ETL Staging Area
ETL Staging Area
ETL Staging Area
Staging area is an intermediate storage area between the sources of information and the data warehouse (DW)
or Data mart. It is a back room area of data warehouse.
The staging area exists to be a separate “back room “or “engine room” of the warehouse from where the data can
be transformed, corrected and prepared for the warehouse. It should only be accessible to the data stewards
ETL developers working on the data, or administrators monitoring or managing the ETL processes.
Several source systems which provide data.This can include databases or files or spreadsheets
A single “staging area” which may use one or more database schemas or file system (depending upon
warehouse load volumes).
One or more “visible” data marts or a single “warehouse presentation area” where data is made visible to end
user queries. This is what is called as a Data warehouse .If a data warehouse has a single subject area
(schema) then data warehouse & data marts are synonyms. But if data warehouse has multiple subject area
(schema) then data mart for each schema can be created depending on the business requirements.
Staging Area
The “staging area” is the middle bit.
Staging area is a database with the sources have originated from different databases for example db2, oracle,
Teradata etc all those can be standardize in staging area. Also joining of the tables can be done there. If there is
only one source system then depending on the quality of data & transformations required staging area can be
used or eliminated. Reporting always occurs on the Warehouse
2. Key Features
One or more database schema(s) or file system used to “stage” data extracted from the source OLTP
systems prior to being loaded to the “warehouse” where it is visible to end users.
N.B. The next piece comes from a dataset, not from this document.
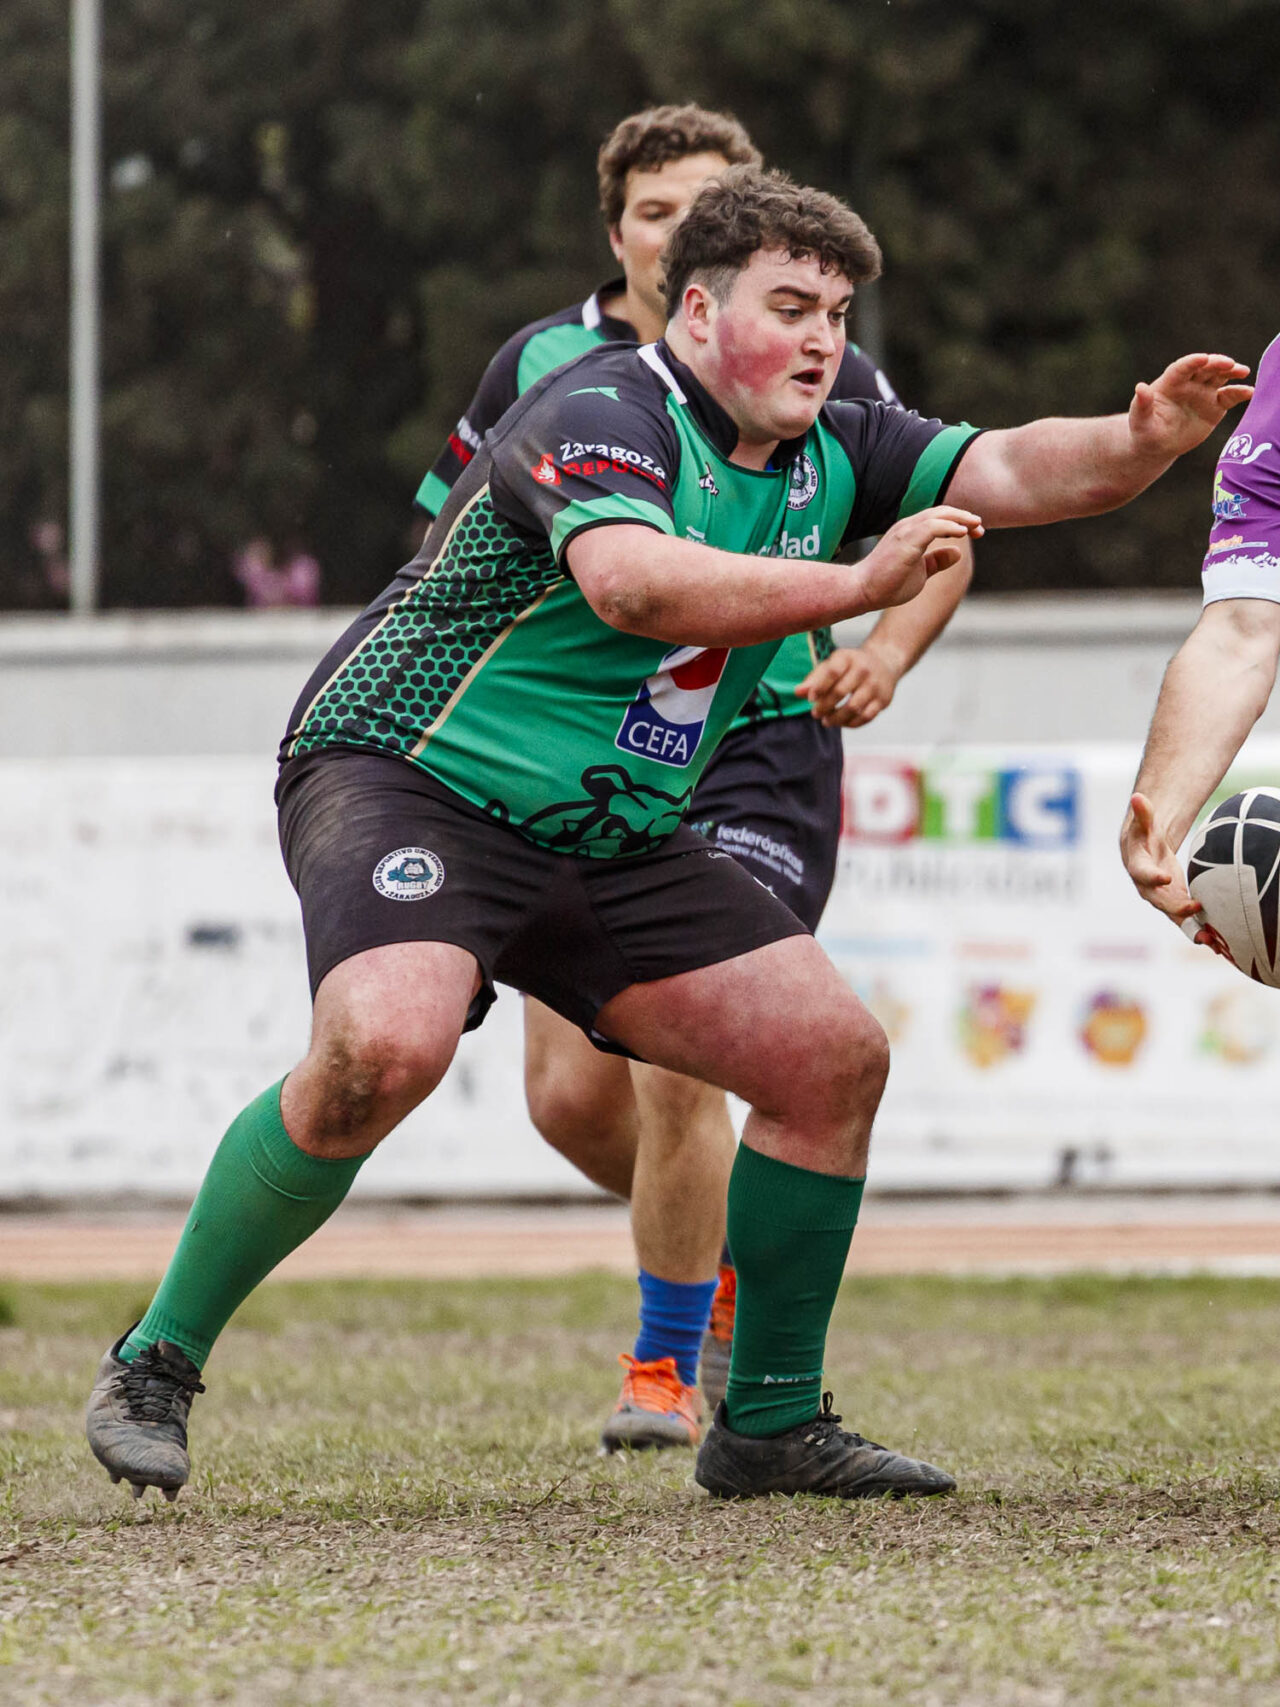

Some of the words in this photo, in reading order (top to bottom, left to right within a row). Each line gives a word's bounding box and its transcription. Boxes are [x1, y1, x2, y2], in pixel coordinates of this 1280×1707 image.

Data in the staging area is not visible to end users for queries, reports or analysis of any kind. It does not hold
aggregated data ready for querying.
The loadtimestamp column in staging enables to know the status of record i.e. updated, new or deleted. It
may even include a flag reporting this status.
In most cases its size is larger than the “presentation area” itself or else equal to DW.
Although the “stage” data – e.g. Last sequence loaded may be backed up, much of the staging area data is
automatically replaced in case of full refresh i.e. truncate & reload from source during the ETL
load processes, and hence backup effort can be avoided. The presentation area however, may need backup
in many cases.
It may include some metadata, which may be used by analysts or operators monitoring the state of the
previous loads (e.g. audit information, summary totals of rows loaded etc).
The Error log file holds details of “rejected” entries – data which has failed quality tests, and may need
correction and re-submission to the ETL process.
It’s likely to have few indexes (compared to the “presentation area”), and hold data in a quite normalized
form. The presentation area (DW) is by comparison likely to be more highly indexed (mainly bitmap indexes),
with highly denormalized tables (the Dimension tables anyway).